Solve for the value of x: 6log(x^2+1)-x=0
6log(x^2+1)-x=0
6 log(x^2 + 1) = x
log(x^2 + 1) = x/6
x^2 + 1 = e^(x/6)
wow ....
try Wolfram, since there is no "nice" way to solve this
http://www.wolframalpha.com/input/?i=x%5E2+%2B+1+%3D+e%5E%28x%2F6%29
It says: x = appr 0 or x = appr .169 or x = appr 45.93
testing:
if x = 0
LS = 6ln(1) - 0 = 0 = RS ----> x = 0
if x = .169
LS = 6ln(1.028561) - .169
= -.000035 and RS = 0 ---->not bad, x = appr .169
if x = 45.93
LS = 6ln(2110.5649) - 45.93
= -.0017.. close to zero -----> x = appr 45.93
all three answers work!!!!
To solve for the value of x in the equation 6log(x^2+1) - x = 0, we need to isolate x on one side of the equation. Here's how to do it step-by-step:
Step 1: Add x to both sides of the equation:
6log(x^2 + 1) = x
Step 2: Divide both sides of the equation by 6:
log(x^2 + 1) = x/6
Step 3: Rewrite the equation in exponential form using the properties of logarithms:
x^2 + 1 = 10^(x/6)
Step 4: Subtract 1 from both sides of the equation:
x^2 = 10^(x/6) - 1
Step 5: At this point, we need to use numerical methods or calculators to approximate the solution since the equation involves exponential and logarithmic functions. One common numerical method is the Newton-Raphson method, but for the sake of simplicity, let's use a calculator or software.

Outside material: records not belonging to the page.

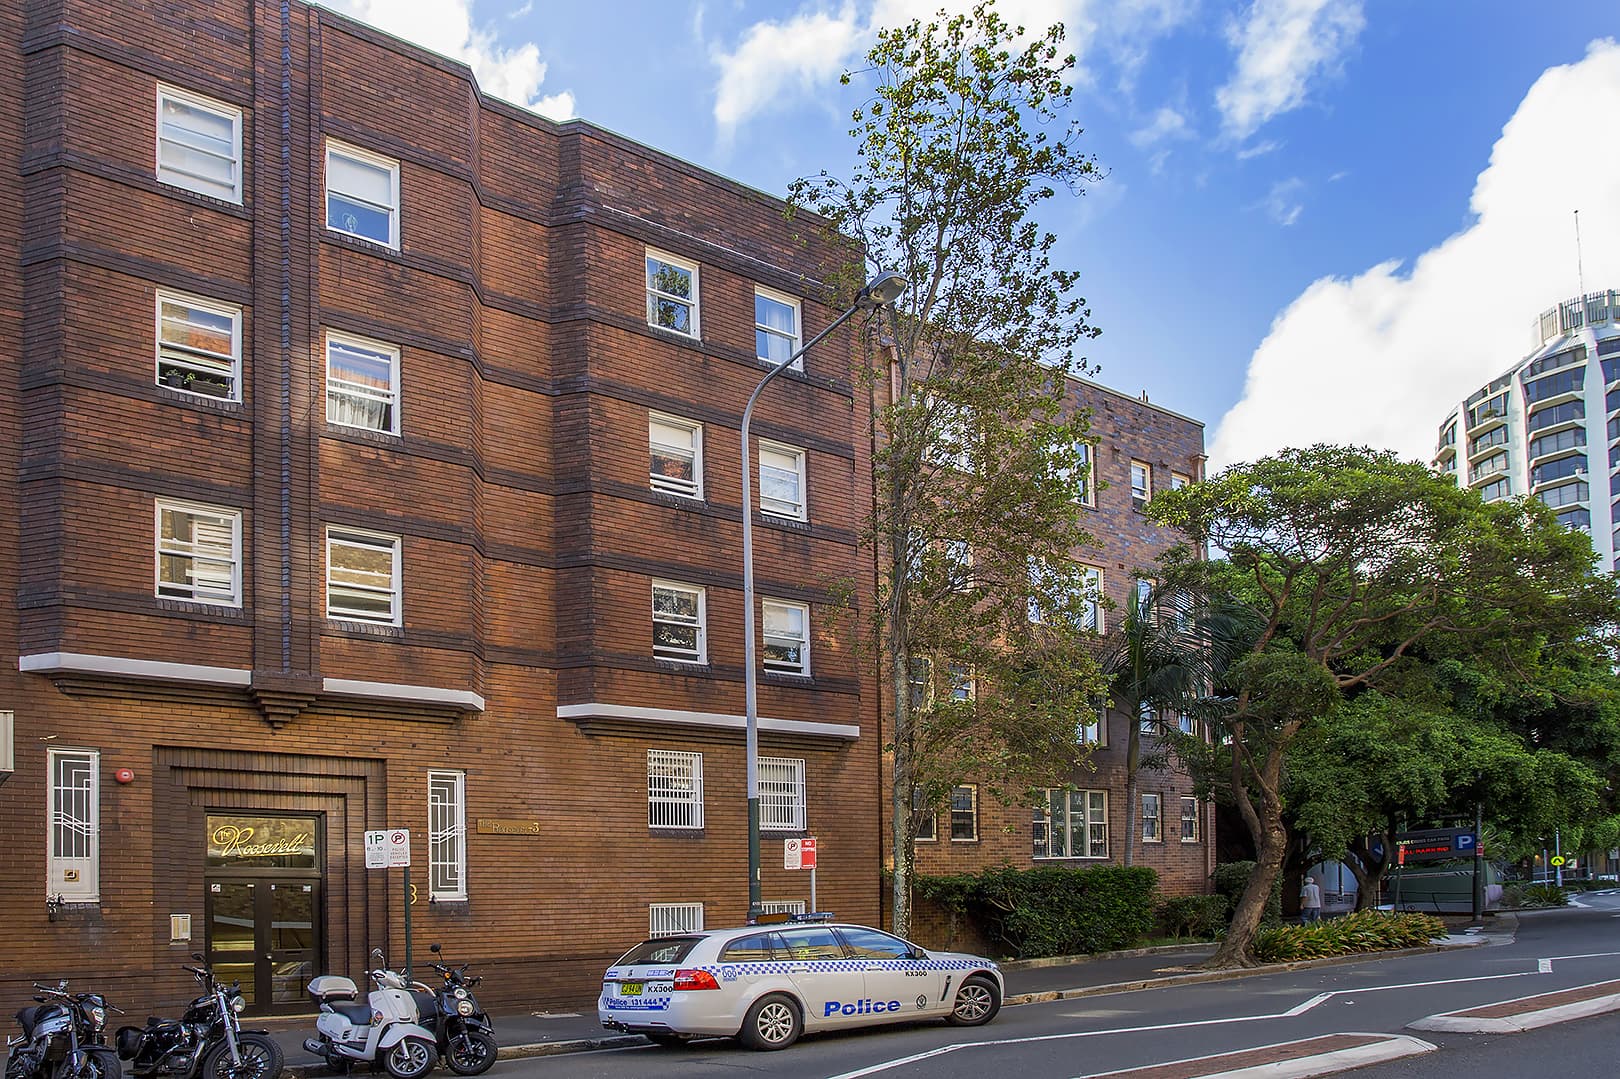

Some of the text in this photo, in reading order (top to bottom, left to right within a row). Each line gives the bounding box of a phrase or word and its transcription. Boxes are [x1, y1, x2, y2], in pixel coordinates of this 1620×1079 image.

[213, 826, 309, 857] Roosevelt
[368, 834, 385, 845] 1P
[1458, 835, 1473, 849] P
[648, 984, 673, 993] KX300
[823, 998, 901, 1017] Police
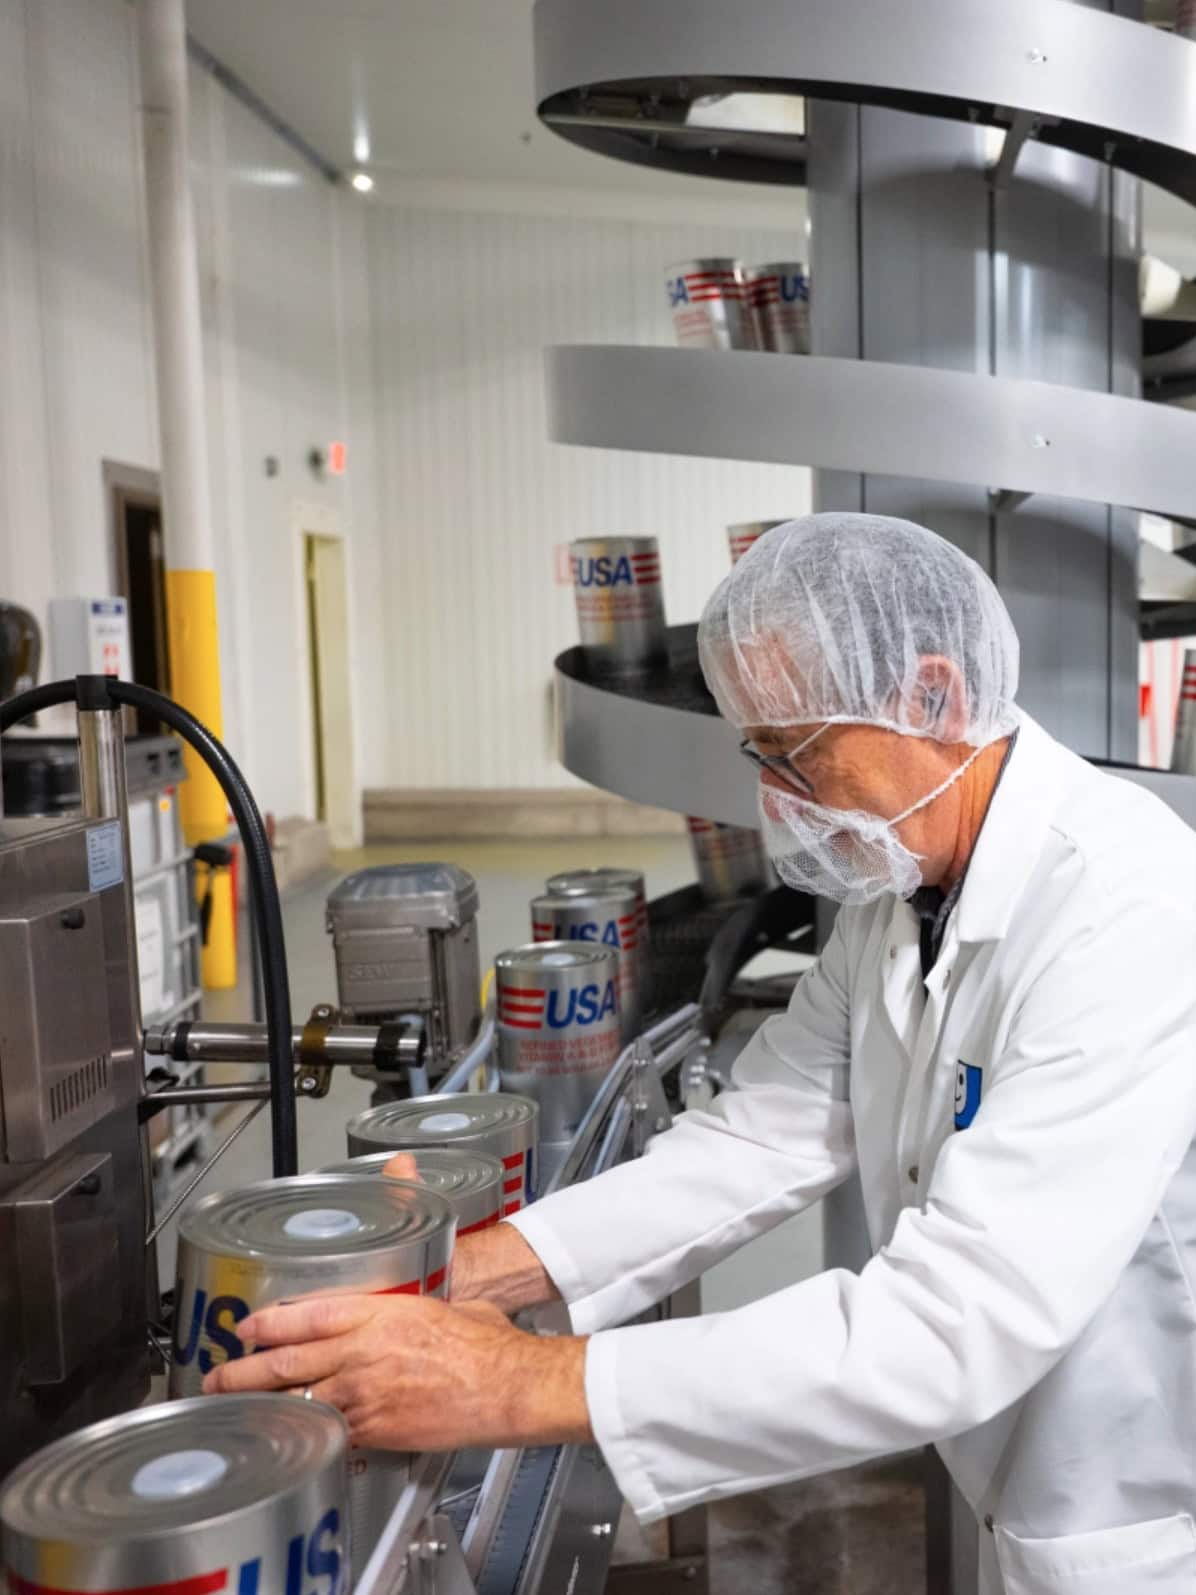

Using a calculator or software, evaluate the right-hand side of the equation (10^(x/6) - 1) for different values of x until you find one that makes the left-hand side (x^2) equal to it. This can be done by inputting the values of x into the equation and observing the results.
Using this method, you will find that there is a solution near x = 1.039.
Therefore, the approximate value of x that satisfies the equation 6log(x^2+1) - x = 0 is x ≈ 1.039.